Aim of the task:
Exact copy, pictures excluded: please retype every record below.

Records from a dataset:
────────────────
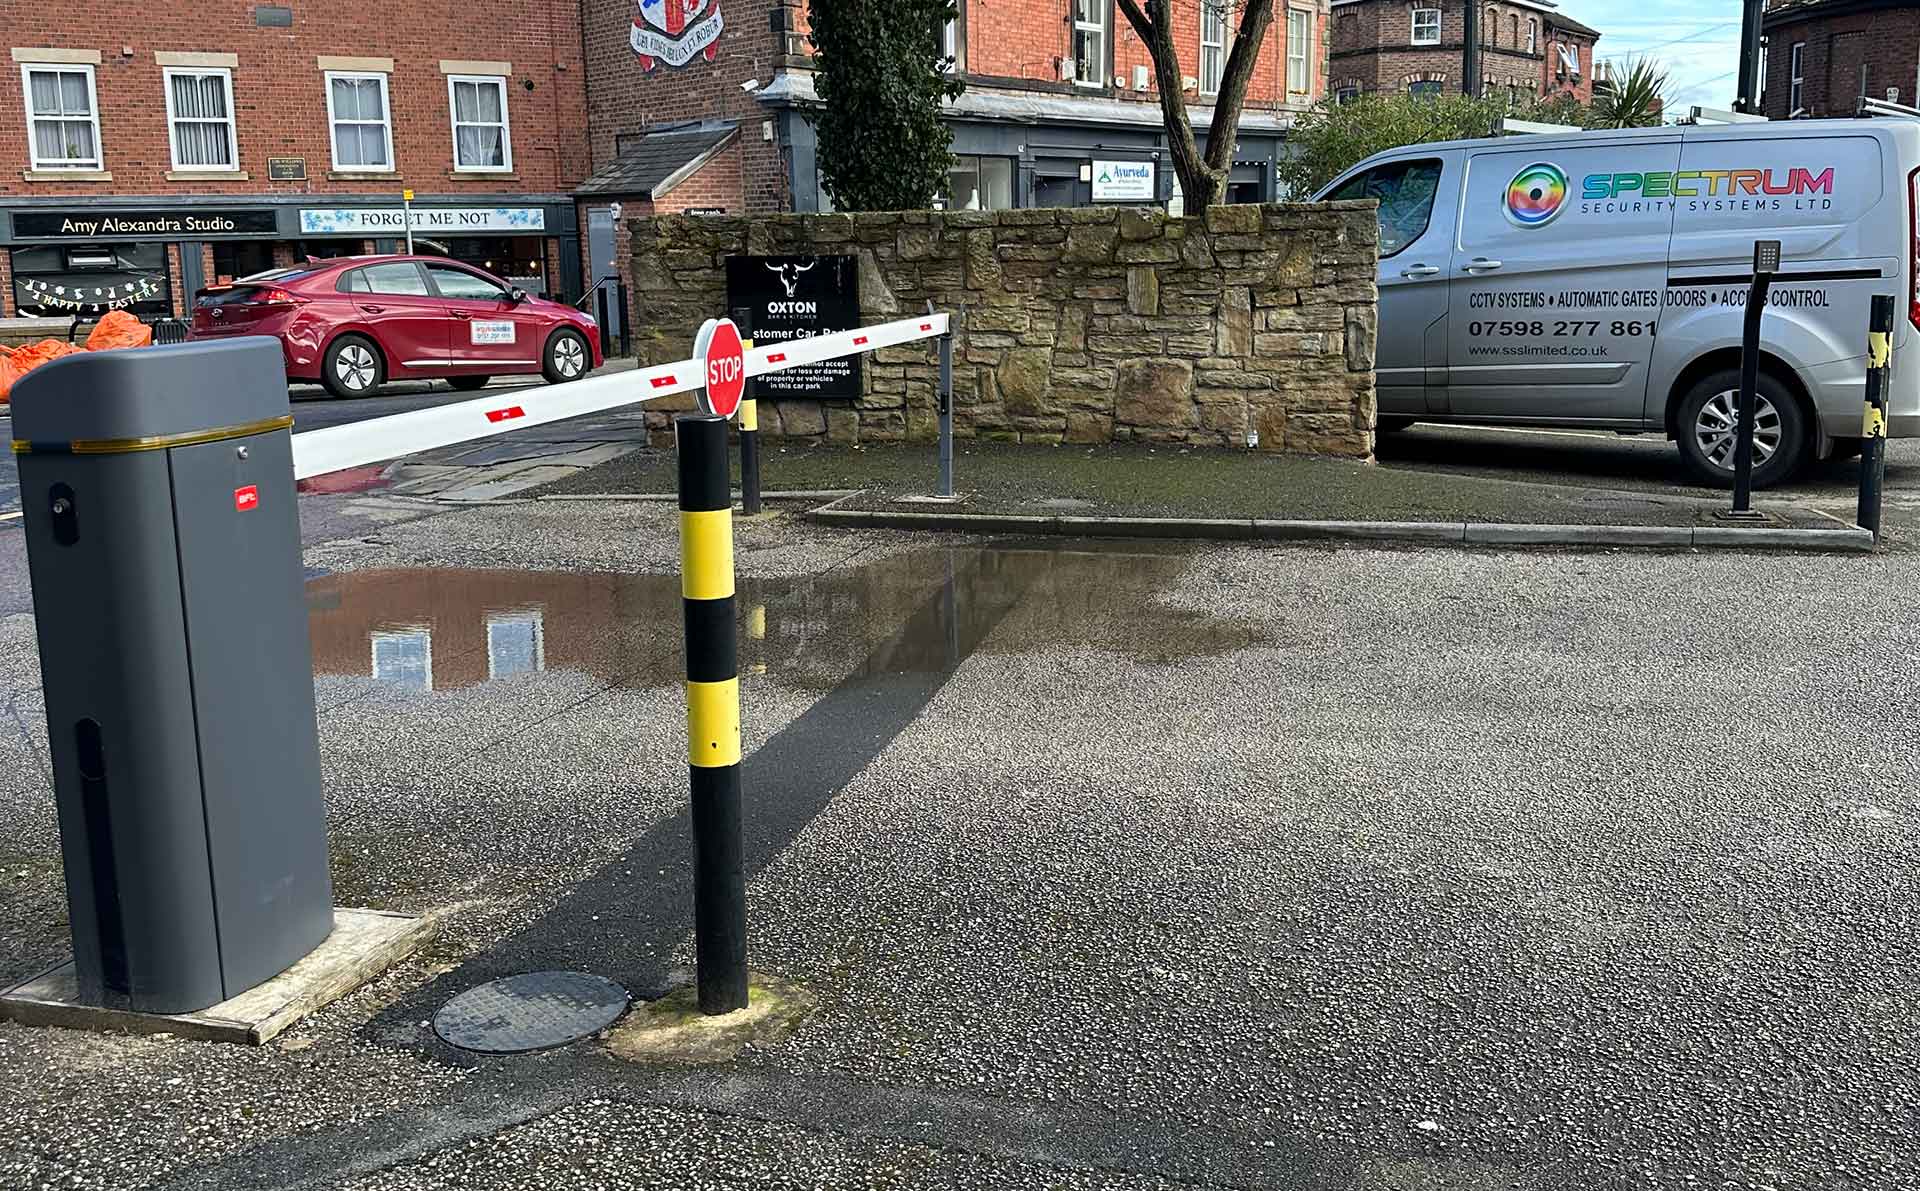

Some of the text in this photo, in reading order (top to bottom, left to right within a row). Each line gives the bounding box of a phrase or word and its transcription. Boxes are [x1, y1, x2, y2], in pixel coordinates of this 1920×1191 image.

[1114, 165, 1149, 178] Ayurveda
[1582, 168, 1834, 199] SPECTRUM
[1581, 199, 1832, 214] SECURITY SYSTEMS LTD
[361, 212, 490, 225] FORGET ME NOT
[61, 216, 235, 236] Amy Alexandra Studio
[44, 289, 152, 311] HAPPY EASTER
[1470, 292, 1497, 308] CCTV
[1499, 292, 1545, 308] SYSTEMS
[1557, 290, 1619, 307] AUTOMATIC
[1621, 290, 1658, 307] GATES
[1667, 290, 1707, 307] DOORS
[1771, 289, 1829, 307] CONTROL
[767, 302, 817, 313] OXTON
[753, 328, 793, 339] stomer
[796, 328, 816, 339] Car
[1469, 320, 1657, 337] 07598 277 861
[1469, 345, 1608, 357] www.ssslimited.co.uk
[710, 356, 742, 385] STOP
[823, 367, 851, 376] damage
[825, 361, 849, 369] accept
────────────────
Finished exercise:
Some of the text in this photo, in reading order (top to bottom, left to right within a row). Each line gives the bounding box of a phrase or word and its transcription. Boxes are [x1, y1, x2, y2], in pixel coordinates of this 1920×1191 image.

[1114, 165, 1149, 178] Ayurveda
[1582, 168, 1834, 199] SPECTRUM
[1581, 199, 1832, 214] SECURITY SYSTEMS LTD
[361, 212, 490, 225] FORGET ME NOT
[61, 216, 235, 236] Amy Alexandra Studio
[44, 289, 152, 311] HAPPY EASTER
[1470, 292, 1497, 308] CCTV
[1499, 292, 1545, 308] SYSTEMS
[1557, 290, 1619, 307] AUTOMATIC
[1621, 290, 1658, 307] GATES
[1667, 290, 1707, 307] DOORS
[1771, 289, 1829, 307] CONTROL
[767, 302, 817, 313] OXTON
[753, 328, 793, 339] stomer
[796, 328, 816, 339] Car
[1469, 320, 1657, 337] 07598 277 861
[1469, 345, 1608, 357] www.ssslimited.co.uk
[710, 356, 742, 385] STOP
[823, 367, 851, 376] damage
[825, 361, 849, 369] accept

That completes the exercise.